BEGIN GIVEN INFORMATION
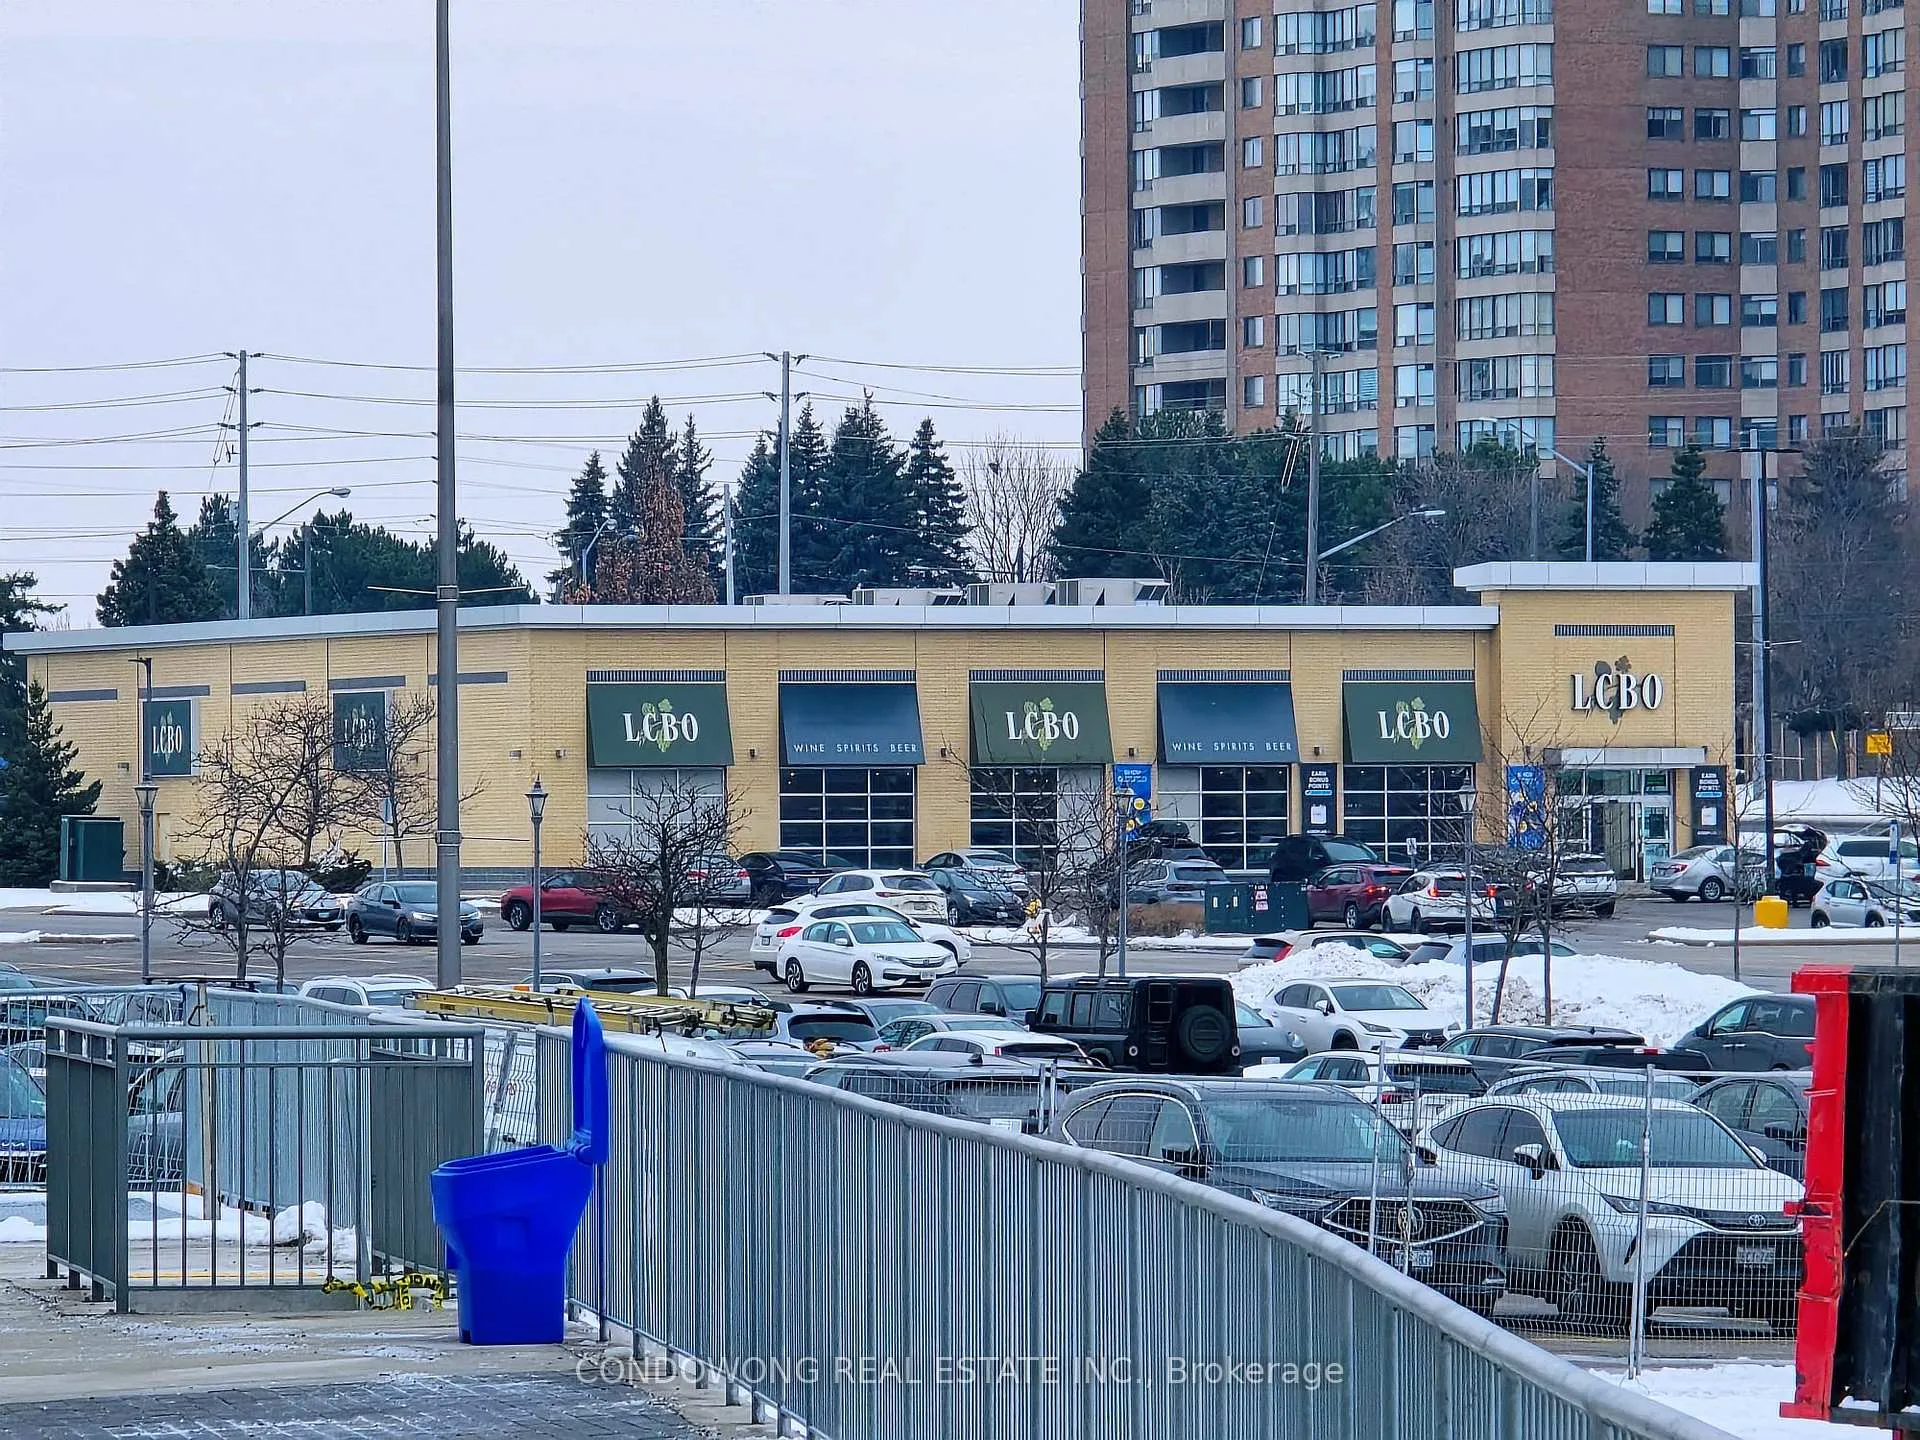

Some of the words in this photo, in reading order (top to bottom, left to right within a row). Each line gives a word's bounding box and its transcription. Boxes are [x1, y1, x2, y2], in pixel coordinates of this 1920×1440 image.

[1571, 673, 1664, 711] LCBO
[152, 724, 183, 754] LCBO
[622, 712, 699, 742] LCBO
[1005, 711, 1079, 740] LCBO
[1377, 710, 1450, 739] LCBO
[793, 743, 825, 753] WINE
[836, 743, 879, 753] SPIRITS
[889, 743, 917, 753] BEER
[1172, 742, 1203, 752] WINE
[1213, 742, 1256, 752] SPIRITS
[1265, 742, 1292, 752] BEER
END GIVEN INFORMATION
# WORK REQUIRED:
Repeat all of the entries above word for word and omit the pictures.

# TASK RESULT:
Some of the words in this photo, in reading order (top to bottom, left to right within a row). Each line gives a word's bounding box and its transcription. Boxes are [x1, y1, x2, y2], in pixel coordinates of this 1920×1440 image.

[1571, 673, 1664, 711] LCBO
[152, 724, 183, 754] LCBO
[622, 712, 699, 742] LCBO
[1005, 711, 1079, 740] LCBO
[1377, 710, 1450, 739] LCBO
[793, 743, 825, 753] WINE
[836, 743, 879, 753] SPIRITS
[889, 743, 917, 753] BEER
[1172, 742, 1203, 752] WINE
[1213, 742, 1256, 752] SPIRITS
[1265, 742, 1292, 752] BEER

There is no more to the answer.